TASK REQUIREMENTS: The entries below are to be copied exactly, with nothing left out.

RECORDS TO PROCESS:
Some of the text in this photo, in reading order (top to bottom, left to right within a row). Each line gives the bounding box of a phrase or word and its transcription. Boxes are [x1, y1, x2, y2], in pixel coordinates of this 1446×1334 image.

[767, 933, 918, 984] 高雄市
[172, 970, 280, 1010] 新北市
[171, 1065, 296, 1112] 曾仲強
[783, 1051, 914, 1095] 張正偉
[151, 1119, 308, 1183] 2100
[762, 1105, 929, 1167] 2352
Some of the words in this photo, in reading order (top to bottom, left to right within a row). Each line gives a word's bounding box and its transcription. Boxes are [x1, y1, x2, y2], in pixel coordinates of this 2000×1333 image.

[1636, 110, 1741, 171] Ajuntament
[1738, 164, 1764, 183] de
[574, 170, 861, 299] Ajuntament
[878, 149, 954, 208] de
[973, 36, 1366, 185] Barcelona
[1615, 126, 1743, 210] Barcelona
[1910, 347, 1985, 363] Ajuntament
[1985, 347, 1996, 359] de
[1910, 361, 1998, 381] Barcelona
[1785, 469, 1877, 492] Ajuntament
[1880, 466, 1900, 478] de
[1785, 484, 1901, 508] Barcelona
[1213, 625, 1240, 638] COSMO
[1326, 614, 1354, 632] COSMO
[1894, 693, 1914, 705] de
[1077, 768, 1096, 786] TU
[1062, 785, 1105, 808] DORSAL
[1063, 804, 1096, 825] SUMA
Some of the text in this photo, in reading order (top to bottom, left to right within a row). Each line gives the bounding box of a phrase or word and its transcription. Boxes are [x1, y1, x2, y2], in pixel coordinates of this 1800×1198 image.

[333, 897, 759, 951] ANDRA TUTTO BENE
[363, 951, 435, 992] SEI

ANSWER AREA:
Some of the text in this photo, in reading order (top to bottom, left to right within a row). Each line gives the bounding box of a phrase or word and its transcription. Boxes are [x1, y1, x2, y2], in pixel coordinates of this 1446×1334 image.

[767, 933, 918, 984] 高雄市
[172, 970, 280, 1010] 新北市
[171, 1065, 296, 1112] 曾仲強
[783, 1051, 914, 1095] 張正偉
[151, 1119, 308, 1183] 2100
[762, 1105, 929, 1167] 2352
Some of the words in this photo, in reading order (top to bottom, left to right within a row). Each line gives a word's bounding box and its transcription. Boxes are [x1, y1, x2, y2], in pixel coordinates of this 2000×1333 image.

[1636, 110, 1741, 171] Ajuntament
[1738, 164, 1764, 183] de
[574, 170, 861, 299] Ajuntament
[878, 149, 954, 208] de
[973, 36, 1366, 185] Barcelona
[1615, 126, 1743, 210] Barcelona
[1910, 347, 1985, 363] Ajuntament
[1985, 347, 1996, 359] de
[1910, 361, 1998, 381] Barcelona
[1785, 469, 1877, 492] Ajuntament
[1880, 466, 1900, 478] de
[1785, 484, 1901, 508] Barcelona
[1213, 625, 1240, 638] COSMO
[1326, 614, 1354, 632] COSMO
[1894, 693, 1914, 705] de
[1077, 768, 1096, 786] TU
[1062, 785, 1105, 808] DORSAL
[1063, 804, 1096, 825] SUMA
Some of the text in this photo, in reading order (top to bottom, left to right within a row). Each line gives the bounding box of a phrase or word and its transcription. Boxes are [x1, y1, x2, y2], in pixel coordinates of this 1800×1198 image.

[333, 897, 759, 951] ANDRA TUTTO BENE
[363, 951, 435, 992] SEI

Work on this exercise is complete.